Out of shame and compassion for both of us, I moved to a remote area with no one. But I kept an eye on her with the intention of rushing after the prayers and apologizing. I was ready to bow down if necessary. My clothes were a mess anyway. But then she was gone. Faded away. I asked the woman who was sitting next to her where the lady in beige had been. “She left early. She has guests and came home early to get ready.

It was divine punishment. I wasn’t going to apologize to such a nice lady, who has friends and comes home early to get ready. I asked for the address of the lady in beige. “No need,” she said. “I’m going for lunch. I can deliver your message. Not wanting to detain my hosts, and frankly not wanting to disclose my crime, I forwarded the message, intending to call right after Shabbat.

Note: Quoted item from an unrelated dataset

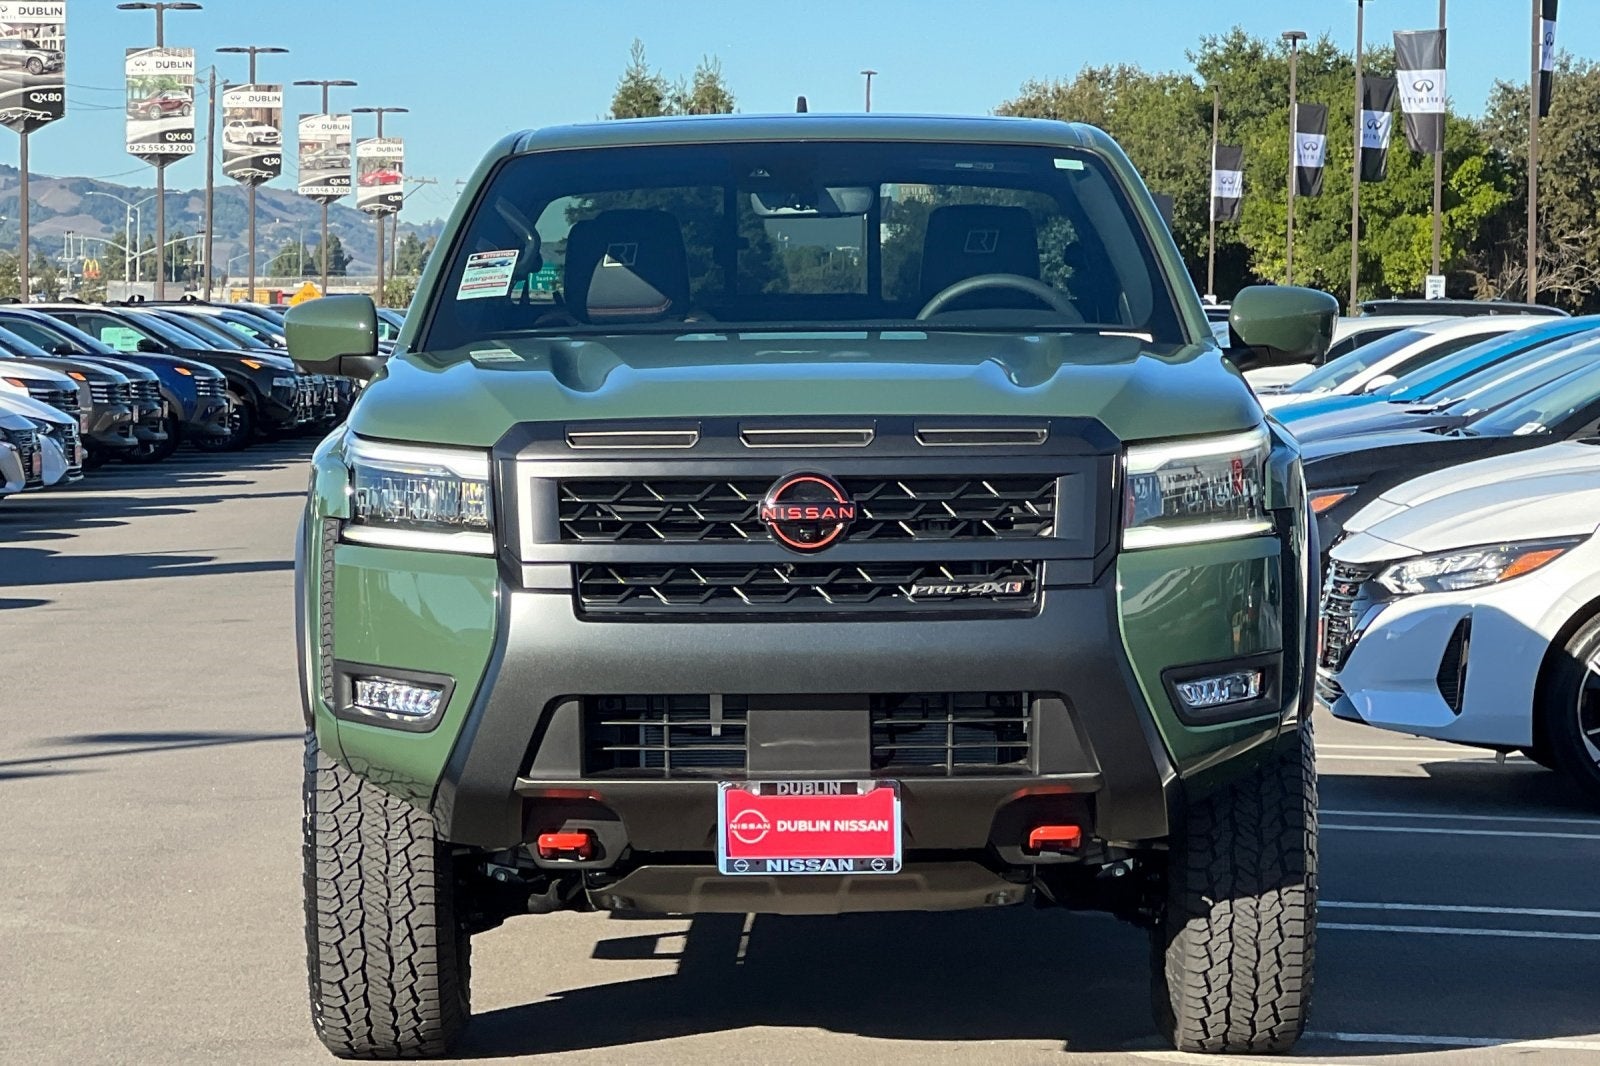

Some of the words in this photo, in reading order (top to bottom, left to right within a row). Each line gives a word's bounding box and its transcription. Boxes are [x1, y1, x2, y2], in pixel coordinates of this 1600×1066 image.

The shiur was indeed in the main shrine. I felt woefully under-equipped with open-toed sandals and a mismatched beret. And then she was there. The lady in beige. With her husband, she had come to attend my shiur. Within seconds, my mood changed. I was delighted to see her. Now I could apologize in person. And if the shiur is really good, I thought, maybe she would even forgive me.

I rushed over to her immediately after the shiur, taking no risk of her leaving. She was so graceful. She complimented the shiur, told me that she had received my message and accepted my apologies without fuss. Only then could I turn to others to answer questions.

Out of the corner of my eye, I saw her chatting with friends, not rushing to leave. So I went back and thanked her for accepting my apologies so graciously. “I don’t know how I could have faced Yamin Noraim if you hadn’t come today.
“I know,” she replied. “This is why I have come.”

“Is that what you came for ?!” I asked.

“Yes,” she replied. “I understood from my friend how upset you were, so I decided to come to your shiur. I knew you would have a hard time with the Yamim Noraïm if I didn’t come. I don’t usually come to shiur on Shabbat afternoons.
I was speechless.

Fifty years of hearing shiurim about t’shuva and s’licha, and that was the pure essence of forgiveness – allowing another person, a complete stranger who had hurt you for no reason, to make amends. Thankfully, I thanked her for coming, for taking care of my soul.

I went home lighter, filling my suitcase with the gift from the lady in beige.PJC

Esther Orenstein Lapian is a teacher educator who teaches at the Schechter Institute and the Kerem Institute for Jewish Humanist Education. It first appeared on The Times of Israel.